8) Absence of urothelial carcinoma involving the upper urinary tracts or prostatic urethra (confirmed by upper tract radiological imaging) and/or biopsy within 12 months from beginning of study treatment;
9) Able to understand and give written informed consent;
10) In the investigator's judgment the patient is able to participate in the study.
11) TURBT or biopsy specimen used to diagnose T1 stage must include a portion of the underlying muscle to confirm stage.
12) Histologically confirmed diagnosis of high grade disease must be within 56 days prior to beginning of treatment;
Exclusion Criteria:
1) Current or previous history of muscle invasive bladder tumors (>/= T2);
2) Current systemic cancer therapy (cytotoxic/cytostatic or immunotherapy);
3) Current or prior pelvic external beam radiotherapy;
4) Patients with existing urinary tract infection or recurrent severe bacterial cystitis;
5) Clinically significant and unexplained elevations of liver or renal function tests;
6) White blood cell count below 3 x109/L (3,000/mm3) or platelet count below 100 x 109/L(100,000/mm3);
7) Severe cardiovascular disease such as myocardial infarction within the past three months, unstable angina pectoris, congestive heart failure (NYHA Class III or IV) or uncontrolled cardiac arrhythmia;
8) Women who are pregnant or lactating.
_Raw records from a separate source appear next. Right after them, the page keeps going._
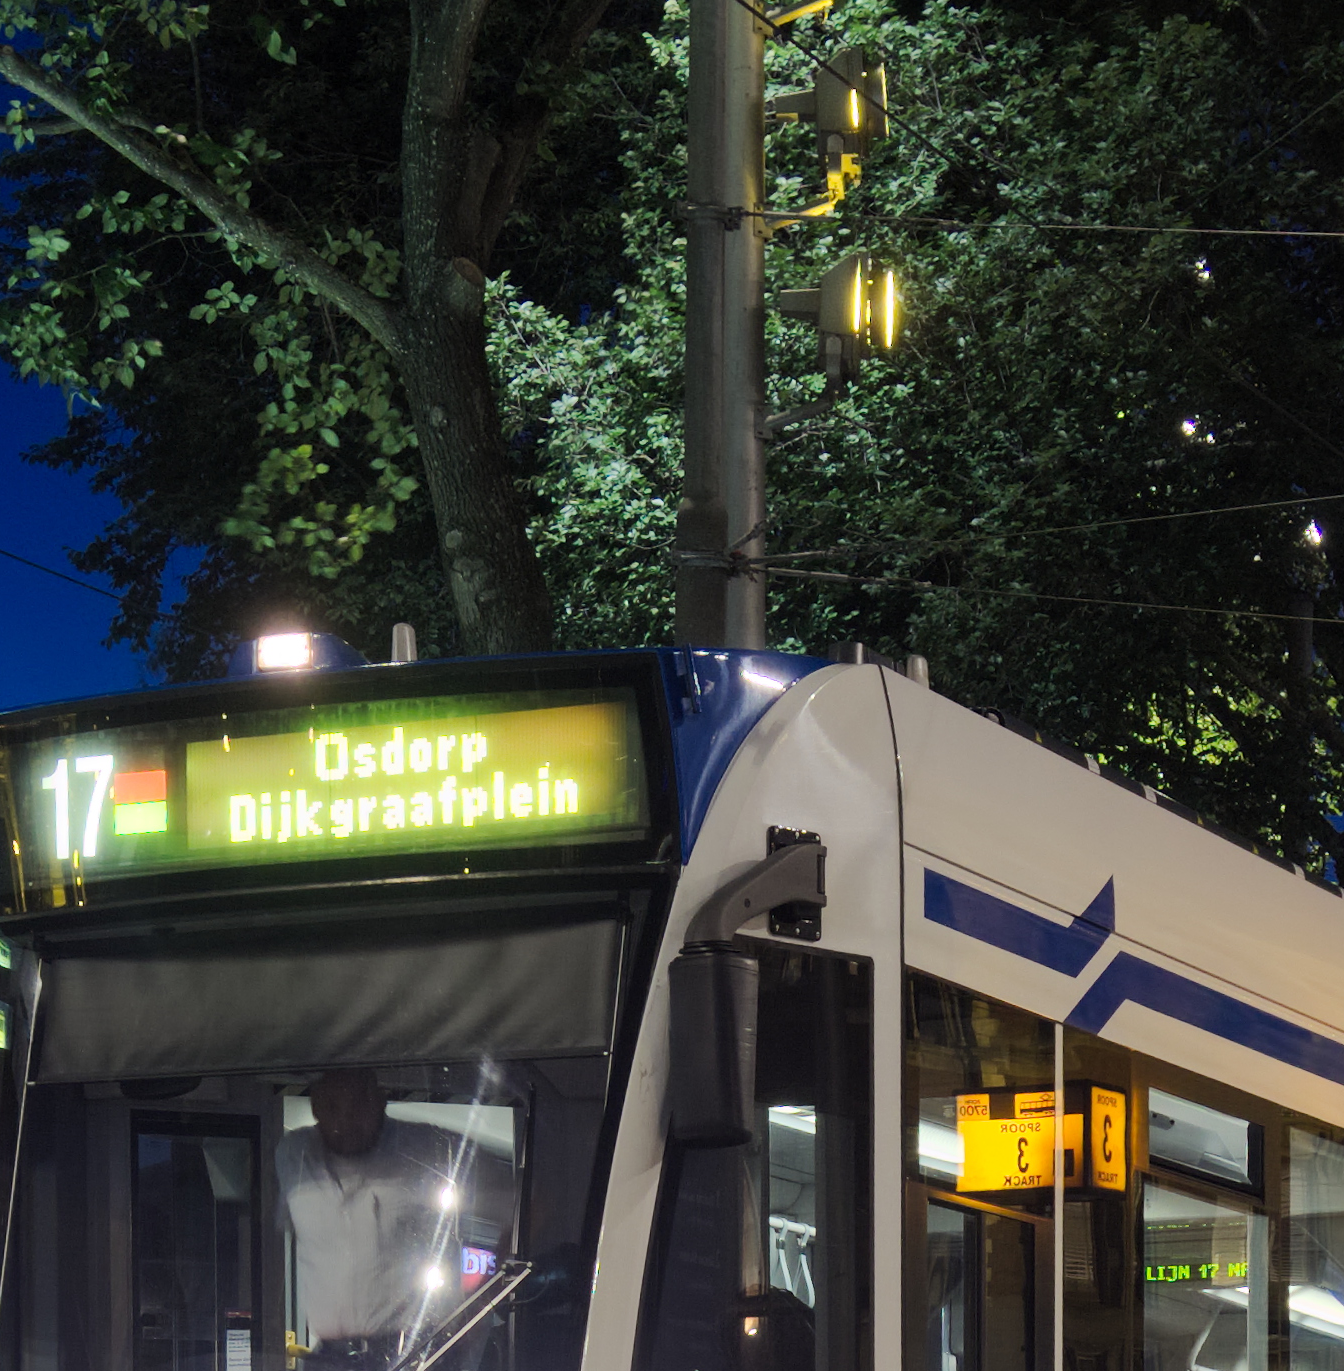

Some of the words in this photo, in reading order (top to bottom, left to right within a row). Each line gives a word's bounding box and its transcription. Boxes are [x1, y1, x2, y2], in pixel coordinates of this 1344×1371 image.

[314, 726, 487, 782] Osdorp
[41, 755, 114, 860] 17
[229, 763, 579, 843] Dijkgraafplein
[462, 1246, 497, 1275] bis
[1146, 1265, 1191, 1282] LIJN
[1198, 1263, 1220, 1278] 17
Women of childbearing potential must use an effective contraceptive method such as oral contraceptive pills, diaphragm or condoms;
9) Congenital or acquired immune deficiency;
10) With history of malignancy of any organ system, treated or untreated, within the past 5 years (with the exception of adequately treated basal cell or squamous cell carcinoma of the skin, stage T1 prostate cancer, carcinoma in situ of the cervix or colon polyps);
11) Previous investigational treatment within 3 months from beginning of study treatment;
12) Patients who cannot hold the instillation for one hour;
13) Patients who cannot tolerate intravesical administration or intravesical surgical manipulation (cystoscopy or biopsy);
14) Clinically significant active infections;
15) Any medical or psychiatric condition which, in the opinion of the investigator, would preclude the participant from adhering to the protocol or completing the trial per protocol.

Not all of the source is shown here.